WAKAYAMA – Years ago, Go Shindo used to dream of becoming a teacher or a firefighter. But as she struggled with her gender identity, bullying by university classmates and despair from social discrimination, there was a time when she gave herself to alcohol and even contemplated suicide.
Now, the 26-year-old, with the world women’s boxing flyweight title under her belt, no longer tries to hide or look away from the problems she faces. While no easy feat, Shindo has gone public with her situation and hopes others suffering from gender identity disorder can find comfort and courage through her.
Shindo, whose name remains Megumi Hashimoto on her family registry, spent her early childhood playing with boys, running around wearing shorts passed on from her brother. In elementary school, she never wore skirts. And she ran around with her upper body naked even as she approached her adolescent years, prompting an alarmed teacher to phone up her parents to alert them to it.
“I didn’t understand at all what was so embarrassing about it,” Shindo recalled.
Entering junior high school, she had no choice but to wear a skirt as it was part of the school uniform. But inside, Shindo adored the boys’ uniforms: jackets with stand-up collars.
In senior high school, she began to like other girls, resulting in classmates talking about her behind her back and calling her a lesbian.

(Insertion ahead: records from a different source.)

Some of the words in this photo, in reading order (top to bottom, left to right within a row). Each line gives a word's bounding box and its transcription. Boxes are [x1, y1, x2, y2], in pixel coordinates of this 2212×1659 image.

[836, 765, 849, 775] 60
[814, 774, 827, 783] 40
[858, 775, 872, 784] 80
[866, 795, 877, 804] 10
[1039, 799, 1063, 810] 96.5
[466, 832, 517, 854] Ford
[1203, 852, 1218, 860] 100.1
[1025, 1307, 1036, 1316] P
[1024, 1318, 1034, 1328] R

Shindo then decided she had to hide her sexual orientation, keep her mouth shut and devote all her energies to playing basketball.

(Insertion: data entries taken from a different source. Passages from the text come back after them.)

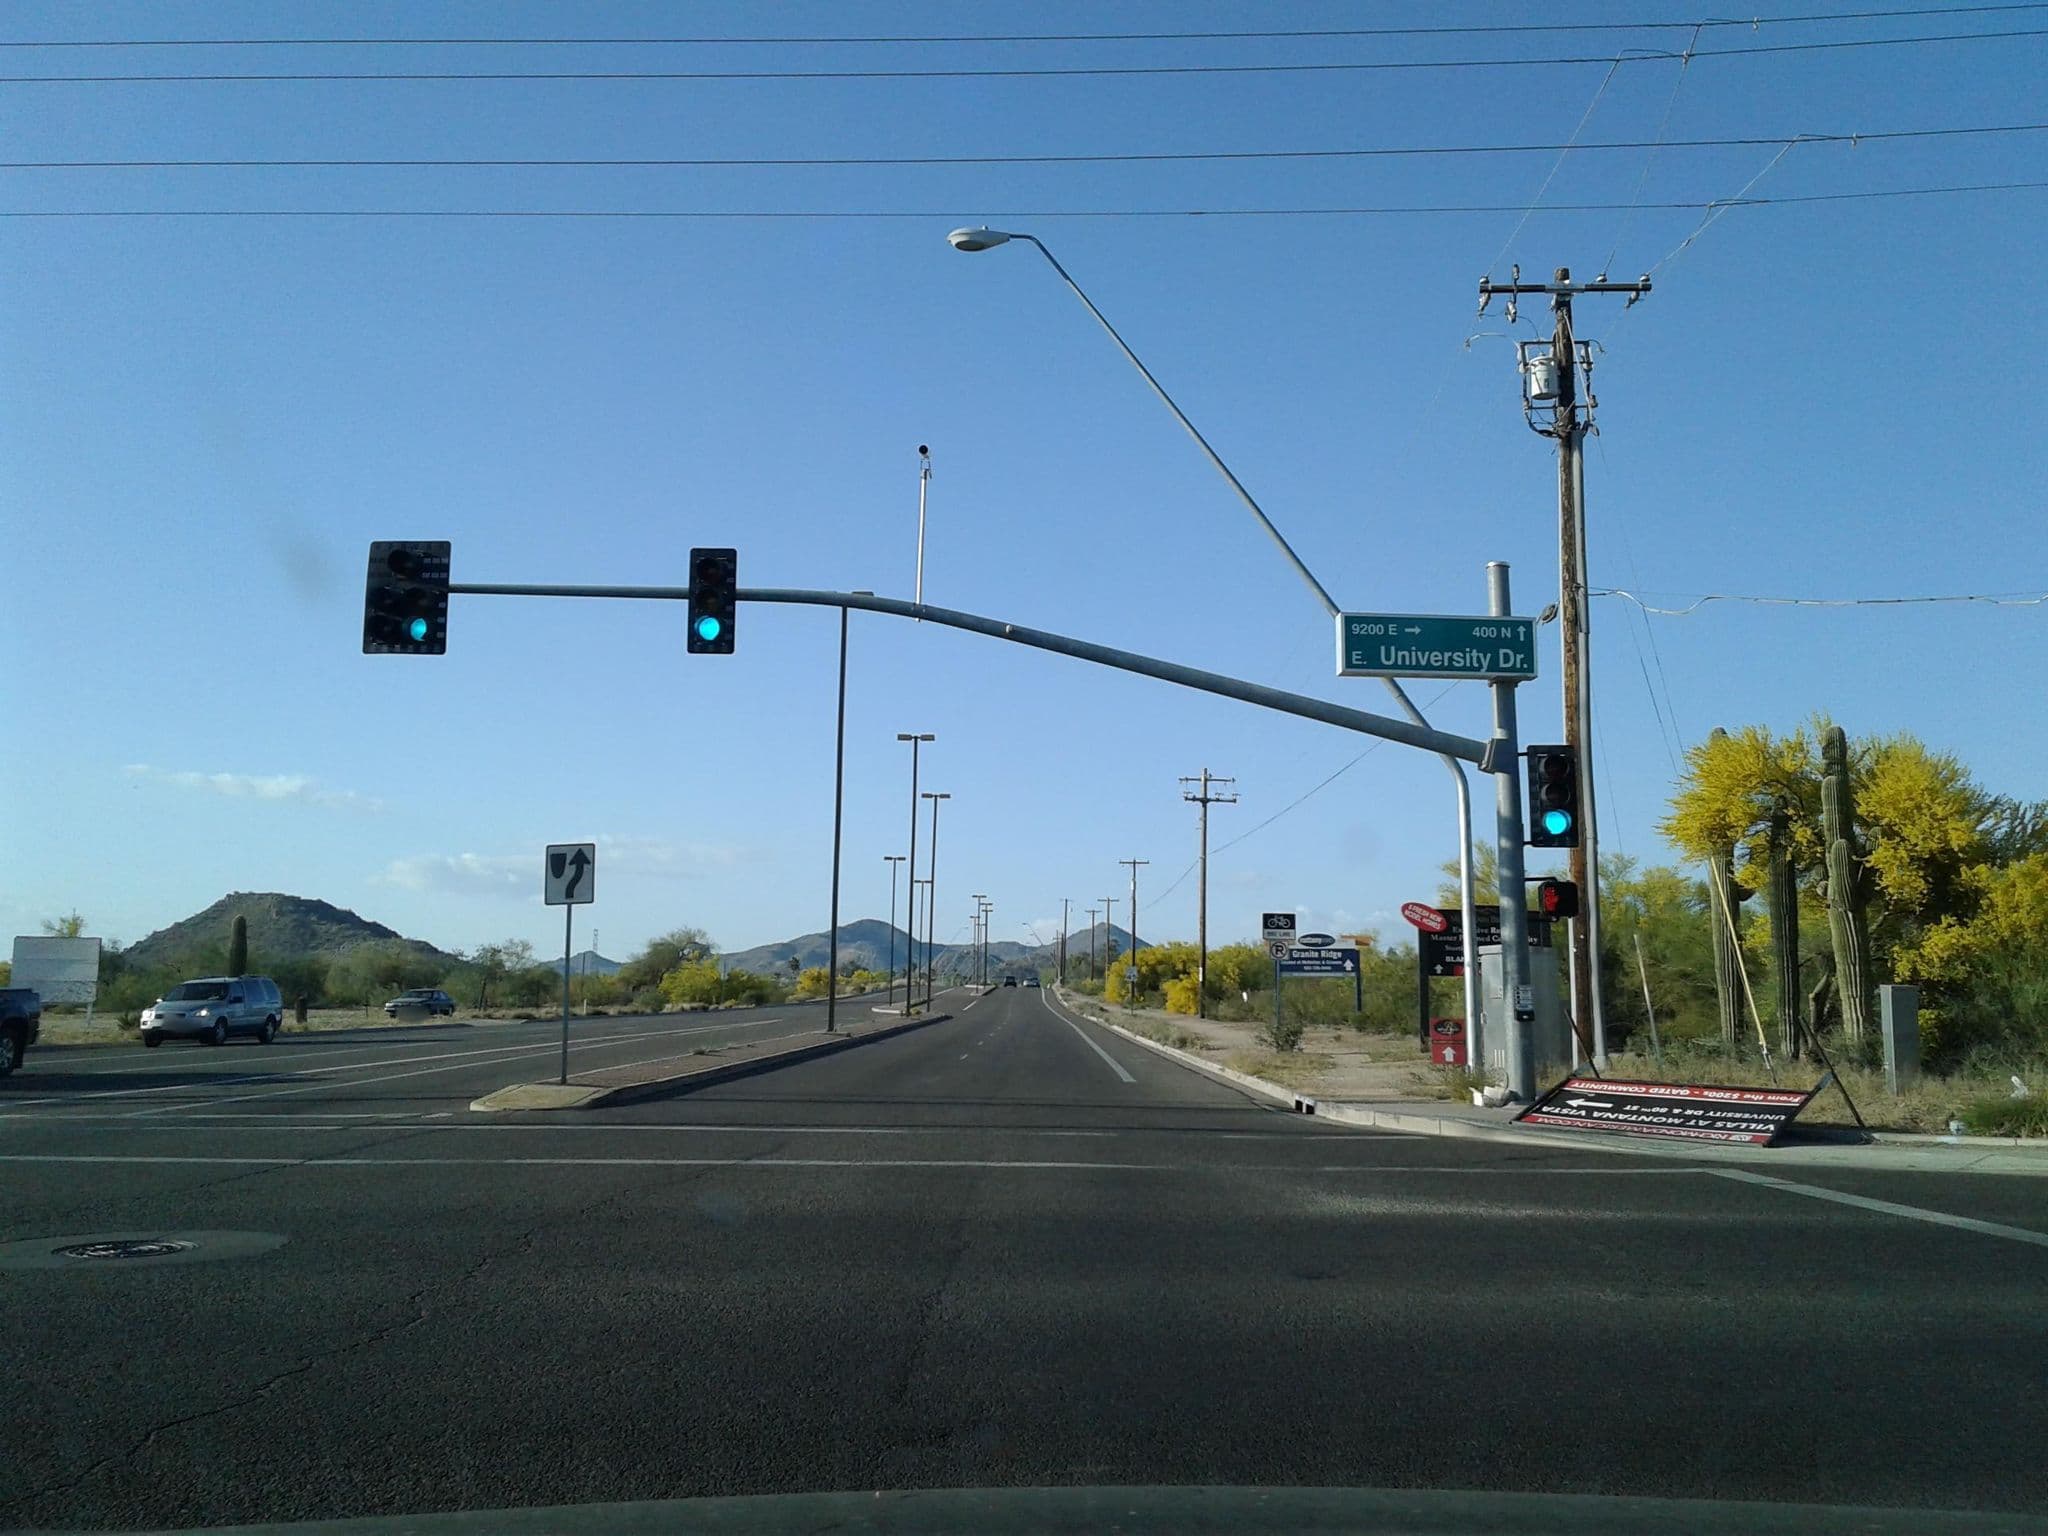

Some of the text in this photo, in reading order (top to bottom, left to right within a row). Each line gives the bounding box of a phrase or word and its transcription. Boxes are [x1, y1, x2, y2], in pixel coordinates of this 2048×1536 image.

[1351, 623, 1398, 636] 9200 E
[1472, 626, 1512, 639] 400 N
[1352, 645, 1529, 673] E. University Dr.
[1569, 1081, 1646, 1093] COMMUNITY
[1648, 1086, 1690, 1096] GATED
[1743, 1093, 1764, 1101] the
[1767, 1094, 1802, 1103] From
[1622, 1104, 1641, 1112] ST
[1685, 1108, 1705, 1116] DR
[1541, 1105, 1776, 1131] VILLAS AT MONTANA VISTA
[1705, 1110, 1787, 1121] UNIVERSITY

In university, she made the women’s basketball team but fell in love with a senior teammate. The romantic relationship was not welcomed by rest of the team. In the end, her girlfriend ended the relationship and Shindo was deserted by her teammates.

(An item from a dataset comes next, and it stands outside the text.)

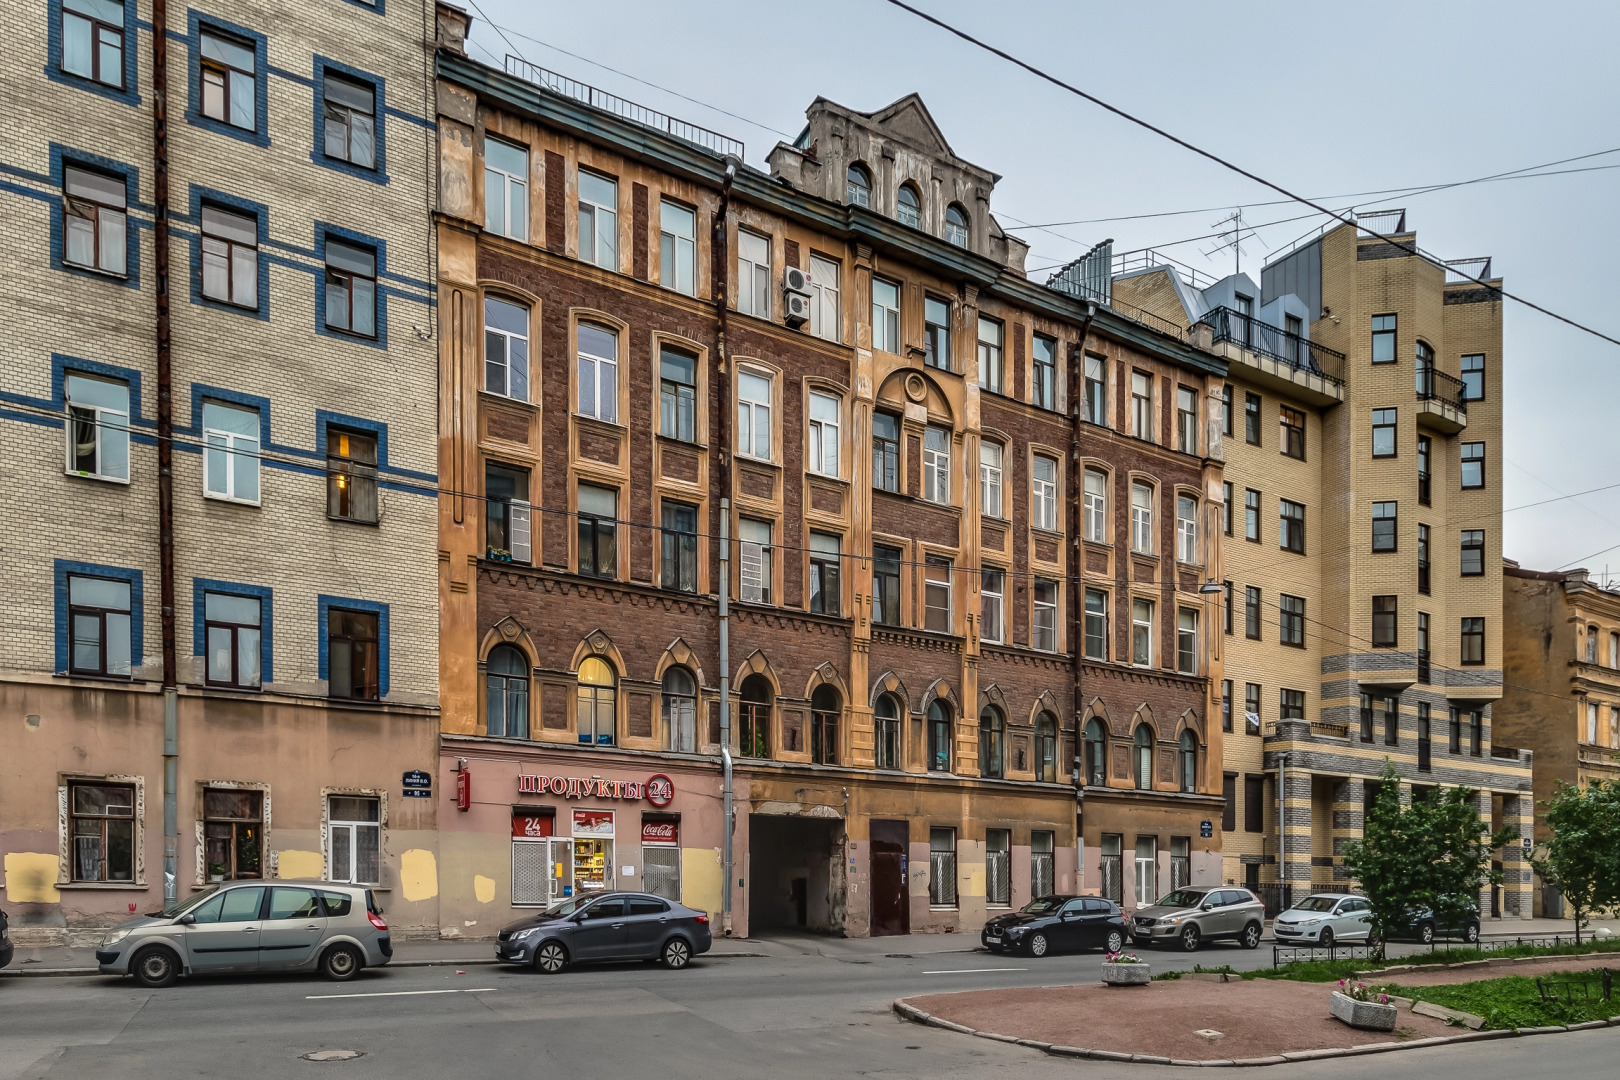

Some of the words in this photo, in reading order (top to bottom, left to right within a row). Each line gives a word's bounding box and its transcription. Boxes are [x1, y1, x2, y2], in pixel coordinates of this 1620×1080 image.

As she agonized over her life, Shindo came to learn that she had gender identity disorder. She took a leave of absence from school and became part of the night life crowd, where she found others like herself.
Gradually, Shindo’s life fell apart. After a few months, an acquaintance who was a nightclub hostess, sat her down and said, “Seeing the way you are now makes me sad. You are simply trying to look away from your real self, running away (from reality).”
Upon hearing those words, Shindo realized that she had until then always blamed other people for being prejudiced and failing to comprehend and accept her sexual orientation. She finally became aware that what was most important in her life was to affirm her identity. So she revealed her gender identity struggle to her parents and also told old friends from junior and senior high school.
After being able to accept her real self, Shindo was determined to get her life back on track, back to the days when it was centered on sports rather than alcohol.
Shindo wanted to exercise to get fit again, so she enrolled at the Kuratoki Boxing Gym in her neighborhood in the city of Wakayama.
“What I had lost, I found here — my own self toiling hard and doing my best,” Shindo said. “I was immediately drawn into this from the beginning.”
In 2008, soon after she joined the gym the previous December, Japanese professional boxing opened its doors to women. Tetsuya Harada, the 68-year-old head of the gym, suggested Shindo turn professional.
At first, Shindo was hesitant as she still wanted to become a firefighter. It was her father, Koichiro, 58, who gave her the decisive push. “You truly shine when you’re playing sports,” he said.
Of course, Shindo is not without her doubts and discomfort about engaging in women’s boxing despite identifying as a man.
“Should I continue women’s boxing like this?” she wondered for a time while considering the possibility of undergoing sex-reassignment surgery and changing her sex in the family registry.
Shindo finally consulted a psychiatrist and was diagnosed with gender identity disorder. At the same time, the psychologist gave her the following advice: “If life is completely miserable then perhaps (one may consider it), but you are shining bright and at your best right now. There is no need to hastily amend the registry.”
“What is important is not the decision of whether to live as a man or a woman, but the environment in which you can keep going with a smile,” the psychiatrist told her.
After failing in her first world title bid overseas, Shindo won the women’s WBC flyweight title this spring by defeating by unanimous decision the then-champion in a bout held in her hometown, Wakayama.
Nowadays, Shindo takes a positive approach to her struggle. “If I became a man, would my life become happier just because of that? Would everyone not hold any prejudice against me anymore?”
“That is not the point,” she said. “Whether I am a man or a woman, this is something I must face up to and continue to tackle for the rest of my life.”
Many people with gender identity problems find it difficult to publicly disclose their situation. “I just happened to be one who could say it out loud,” Shindo said. “I hope that when others see what I’m doing, they will also find the strength to hang in there and keep trying.”
“I hope to be their source of courage,” she said.
Asked if she is never afraid in boxing, Shindo giggled and said, “I’m not afraid to be punched. But I do have intense fear about losing — especially to women. After all, my (real) rivals are men.”